En cette saison, dans les sinueux lacets du Boiron, on peut croiser de charmantes demoiselles. On les appelle aussi zygoptères. Ce ne sont pas, à proprement parler, des libellules. Les libellules, elles, ont l’œil droit et gauche qui se touchent. Elles ont un corps plus épais et ne replient pas leurs ailes vers le haut au repos.
J’en avais peur à une époque et je les trouve encore un peu inquiétantes aujourd’hui. Des insectes de cette forme, appelés Meganeura, mesurant 30 centimètres de longs et 80 centimètres d’envergure volaient dans les forêts de la période Carbonifère supérieure. On en a retrouvé sous forme fossile en France et au Royaume-Uni. Effrayant!
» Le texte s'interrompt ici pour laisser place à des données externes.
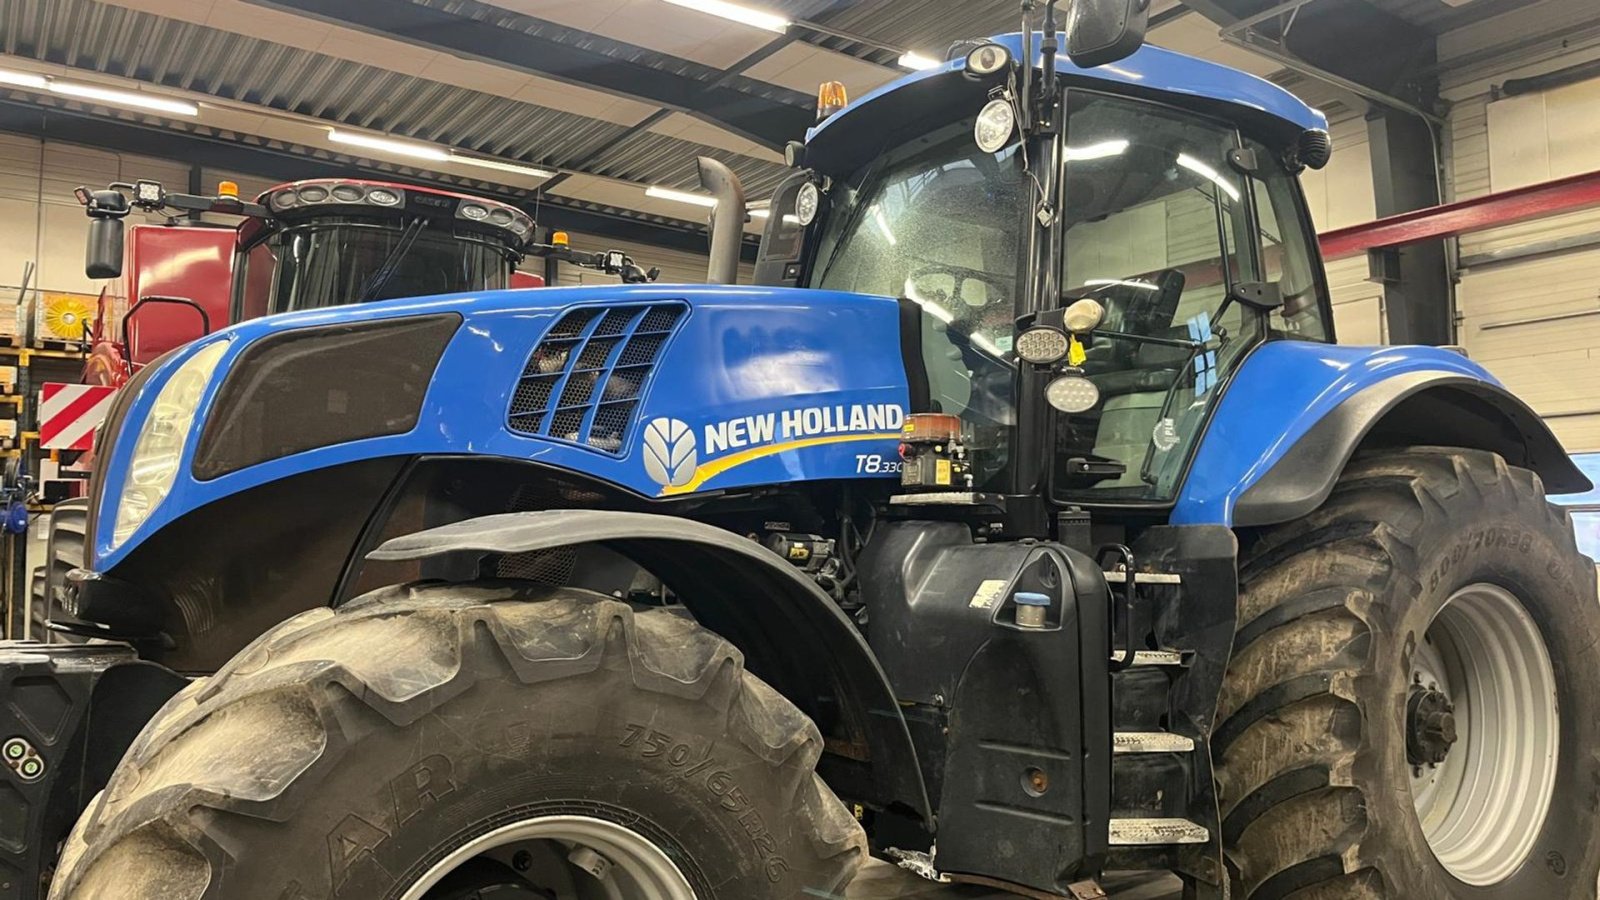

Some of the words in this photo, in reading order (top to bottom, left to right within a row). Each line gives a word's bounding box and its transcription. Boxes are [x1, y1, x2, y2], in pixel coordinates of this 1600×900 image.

[704, 412, 775, 454] NEW
[781, 403, 904, 438] HOLLAND
[281, 753, 458, 900] AR
[618, 723, 791, 884] 750/65R26
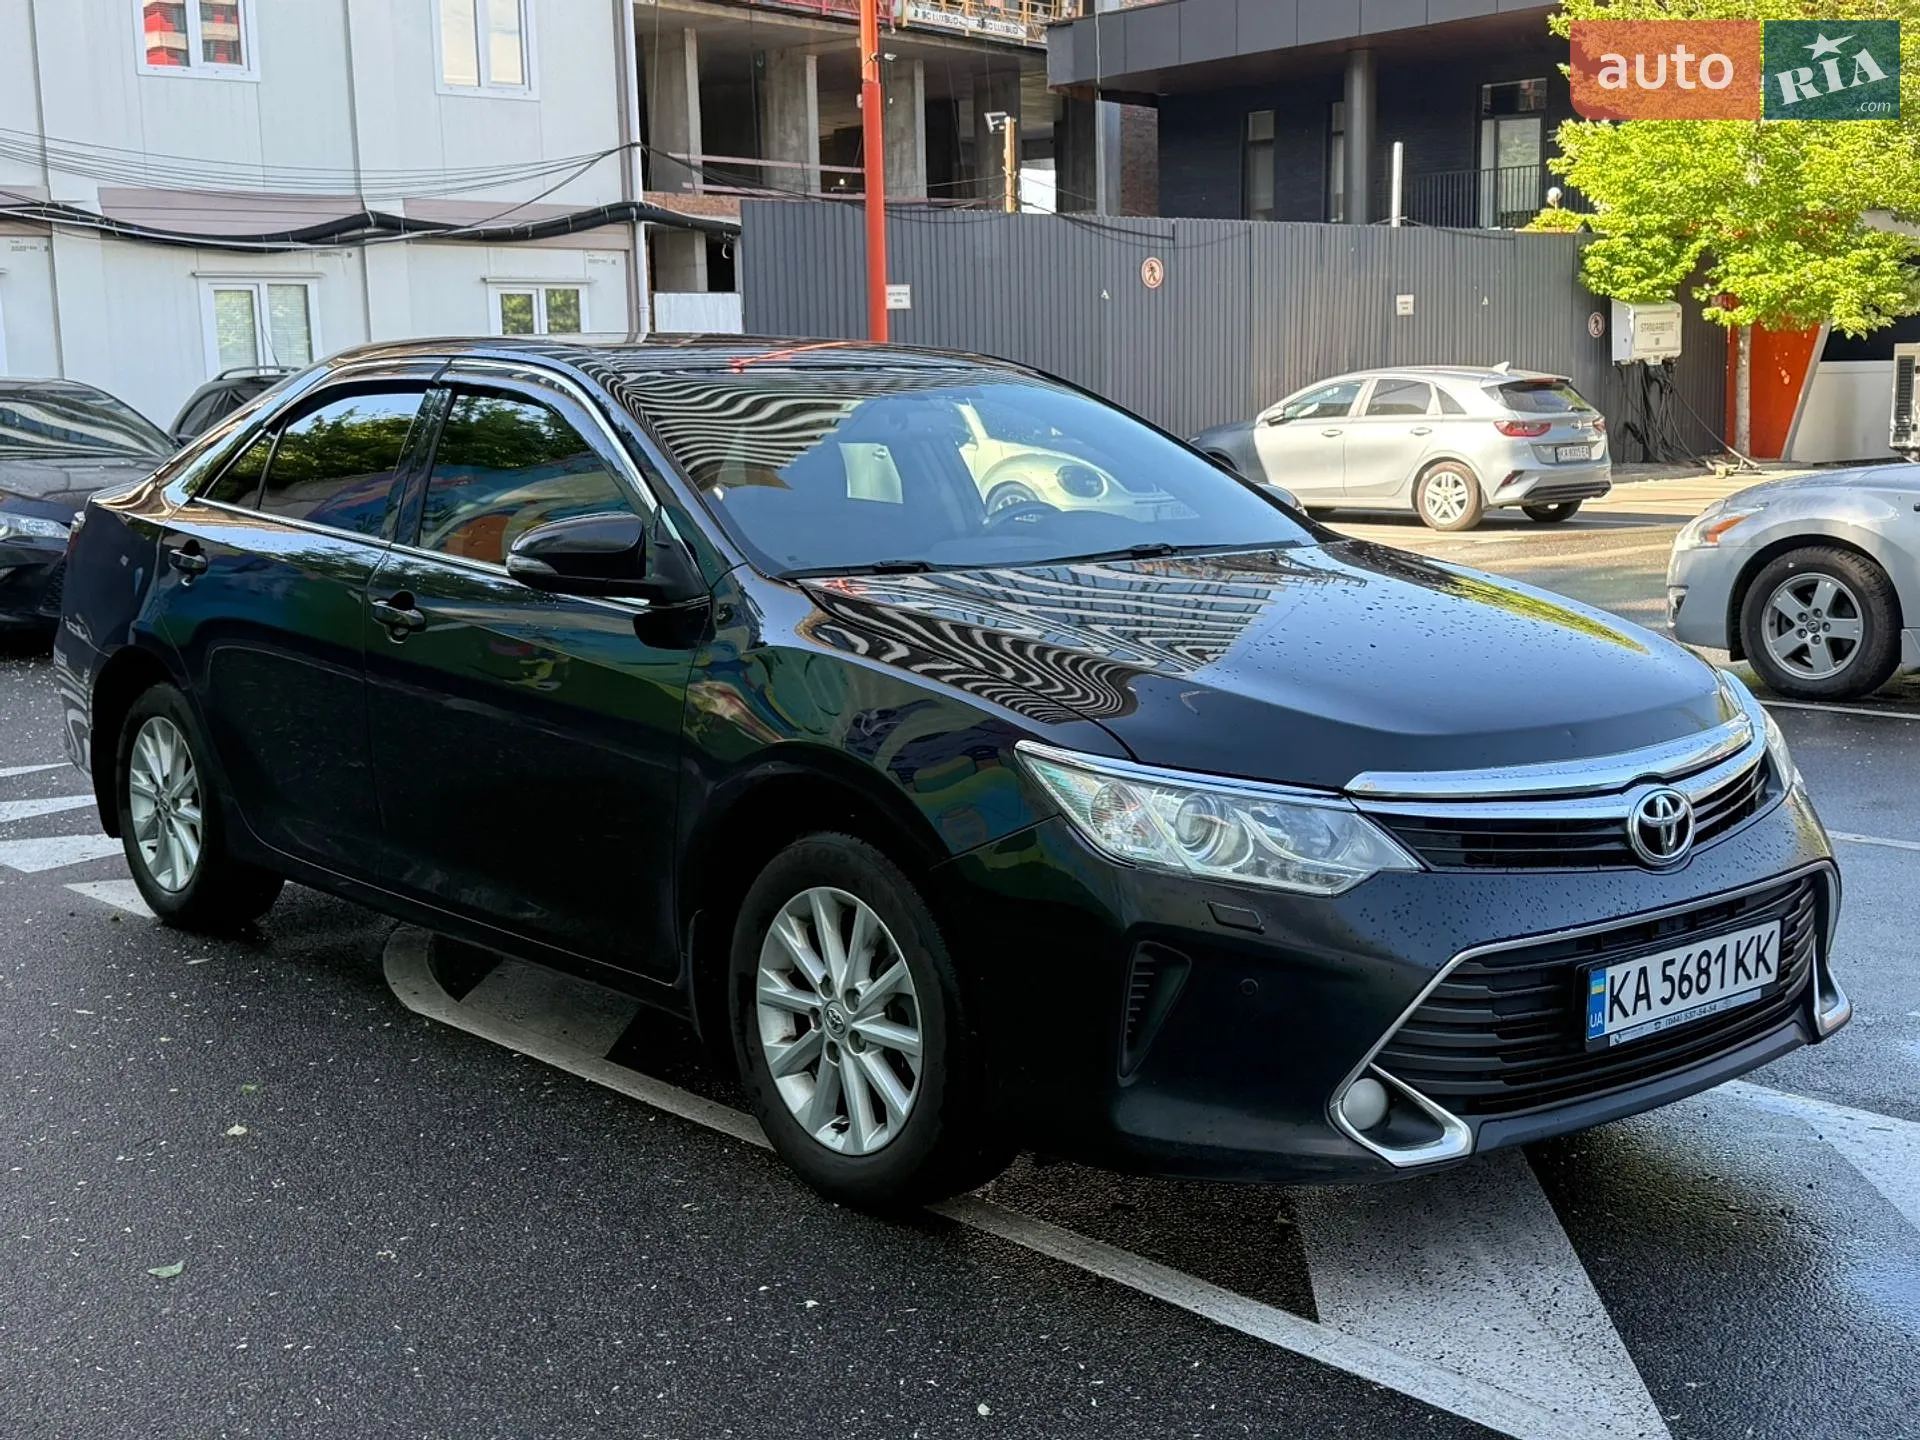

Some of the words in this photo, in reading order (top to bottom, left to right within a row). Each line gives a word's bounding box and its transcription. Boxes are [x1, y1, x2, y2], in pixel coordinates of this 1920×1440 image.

[1608, 965, 1652, 1023] KA
[1659, 944, 1728, 1006] 5681
[1733, 930, 1776, 985] KK
[1590, 1012, 1604, 1028] UA
La demoiselle que j’ai vu ce jour-là a des manières plus discrètes. Elle replie ses ailes vers le haut lorsqu’elle se pose sur la feuille. Ses yeux sont plus petits — et bien séparés.
Je suis parti pour cette balade en espérant revenir avec une bonne photo. Et la nature m’a offert cette rencontre. Juste celle là. La zygoptère est restée tranquille sur cette feuille. Aucune autre personne ni aucun chien n’est venu nous déranger. J’ai pu appuyer plusieurs fois sur le bouton de déclenchement de l’appareil en variant la mise au point pour augmenter mes chances d’avoir au moins une bonne photo. Bien sûr, j’ai tenté de prendre d’autres zygoptères en photo plus loin — sans succès. Elles s’envolaient toujours dès que je montais mon appareil vers mon visage. Ou elles étaient chassées par des joggers ou des chiens en balade. Pourtant, je suis reparti très content de la chance qui m’avait été offerte.
J’ai ajouté cette rencontre sur iNaturalist.org. Si vous en savez plus sur cette demoiselle, allez affiner l’identification là-bas.